By any metric, Updater’s listing on the ASX has been a success. Since listing, we exceeded our performance targets, growing national market penetration from 2 percent to nearly 10 percent. Our stock price responded well -- the value of our company has increased 400 percent since listing, making Updater one of the best performing tech IPOs in recent years. After listing, we did in fact raise an additional $30 million to accelerate growth, at a materially higher valuation, from leading global firms including Fidelity International. Our hypothesis on positioning our company to further accelerate growth via the IPO proved accurate. Since listing, we more than doubled the size of our team, moved into a larger office four times the size of our original space, onboarded hundreds of new partners and made great investments in our technology. We likely wouldn’t be where we are today had we not listed.
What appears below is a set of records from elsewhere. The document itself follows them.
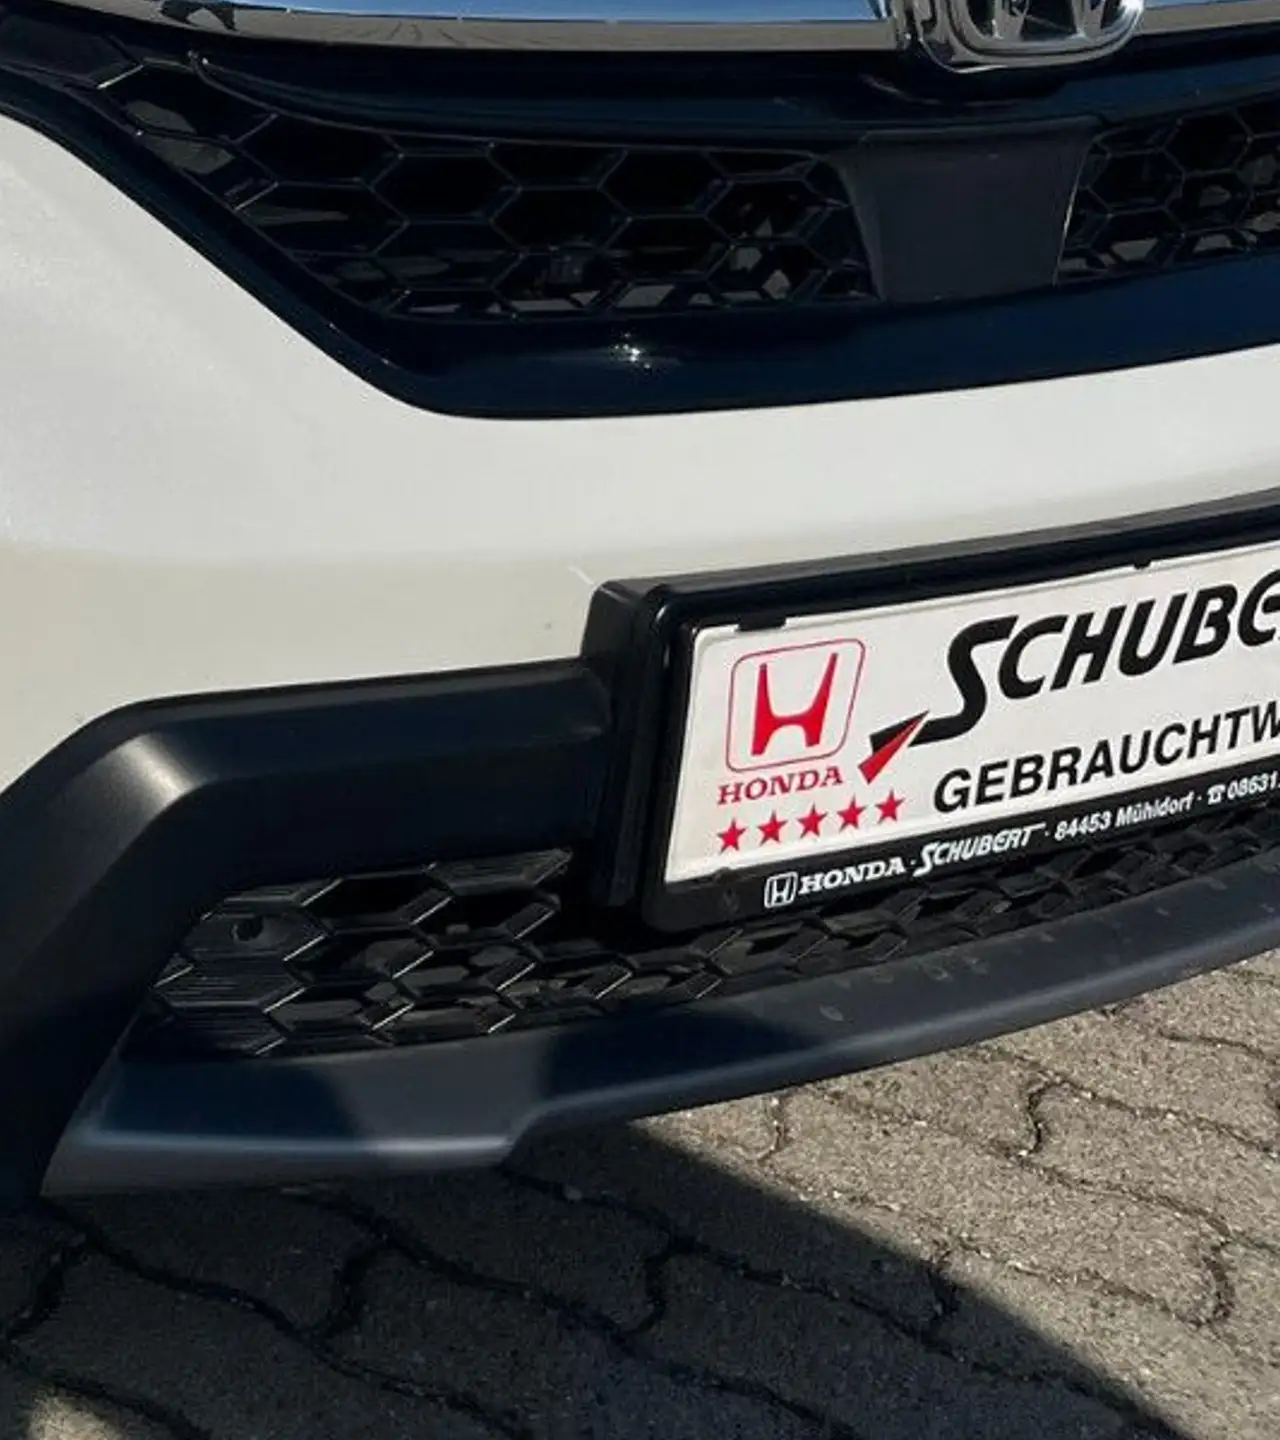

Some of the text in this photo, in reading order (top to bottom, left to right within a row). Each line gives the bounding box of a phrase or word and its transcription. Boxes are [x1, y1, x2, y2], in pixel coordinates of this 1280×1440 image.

[716, 764, 844, 805] HONDA
[799, 857, 907, 896] HONDA
[911, 821, 1047, 878] SCHUBERT
[1053, 810, 1113, 841] 84453
[1114, 790, 1195, 828] Mühldorf
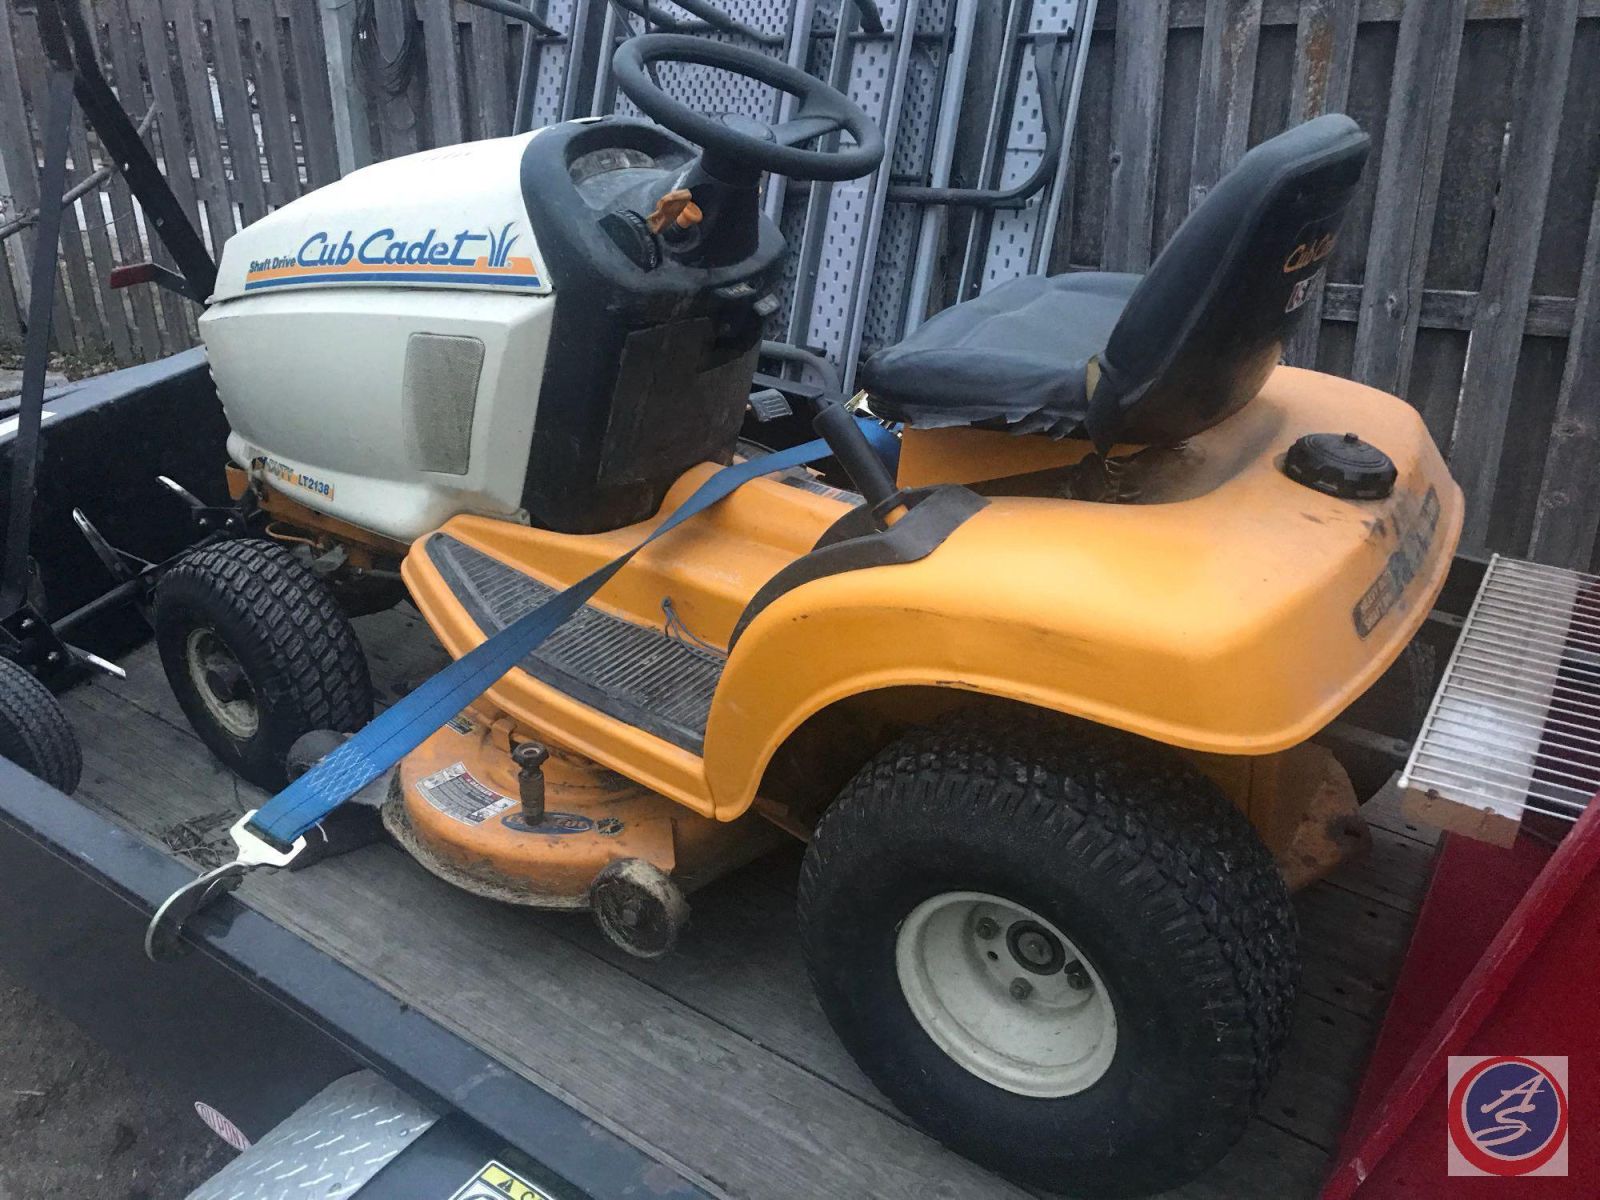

Personally, the IPO process was at times painful, but always exciting. During that time, I essentially became nocturnal to work around the clock on Australian hours. The workload of running a company and an IPO was extreme. And, as a first time public company CEO, I had a lot to learn, from managing relationships with investment banks to the expectations of hundreds of shareholders. I’ll never forget ringing the bell at the stock exchange on the morning of our IPO -- it was one of the most exciting and rewarding moments of my life.
Take off your funding blinders.
As with any journey, there are multiple pathways to success. I recommend that CEOs take an objective approach. Consider all possible paths to help ensure that you choose the best option for your unique business needs.
Other CEOs often ask me if they should look at the public markets. Usually after quickly analyzing the five factors, it becomes clear that, for their company, the “cons” will outweigh the “pros.” It’s unlikely that Updater’s unique dynamics will exist at other companies.However, other companies will have their own set of unique opportunities -- those shouldn’t be overlooked in favor of settling for the traditional path. Let a fair analysis of the five factors be your guide, no matter where the journey takes you.